— Task instructions —
Reproduce all the records word for word. Omit images.

— Dataset entries —
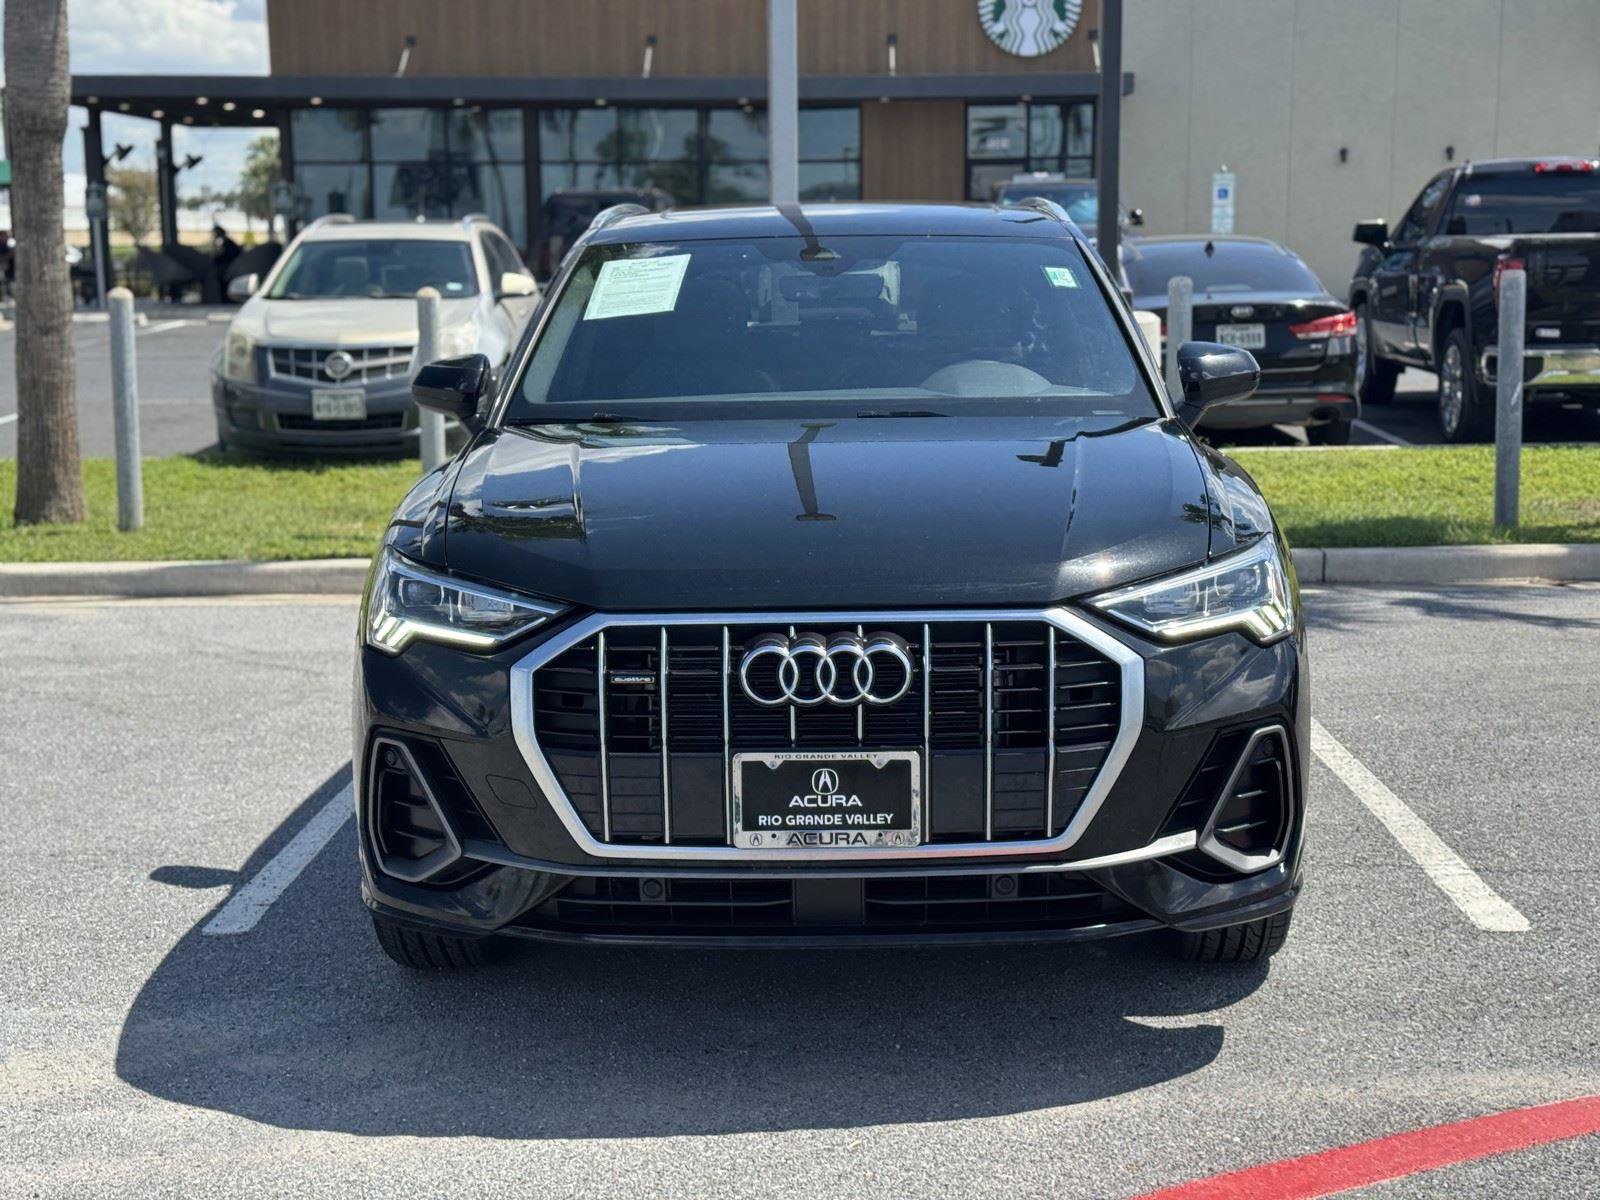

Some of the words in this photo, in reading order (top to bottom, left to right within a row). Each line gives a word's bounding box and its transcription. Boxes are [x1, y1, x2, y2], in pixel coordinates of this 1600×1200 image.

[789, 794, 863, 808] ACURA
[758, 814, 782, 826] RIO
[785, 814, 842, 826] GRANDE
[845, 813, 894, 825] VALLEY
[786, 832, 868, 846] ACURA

— Finished exercise —
Some of the words in this photo, in reading order (top to bottom, left to right within a row). Each line gives a word's bounding box and its transcription. Boxes are [x1, y1, x2, y2], in pixel coordinates of this 1600×1200 image.

[789, 794, 863, 808] ACURA
[758, 814, 782, 826] RIO
[785, 814, 842, 826] GRANDE
[845, 813, 894, 825] VALLEY
[786, 832, 868, 846] ACURA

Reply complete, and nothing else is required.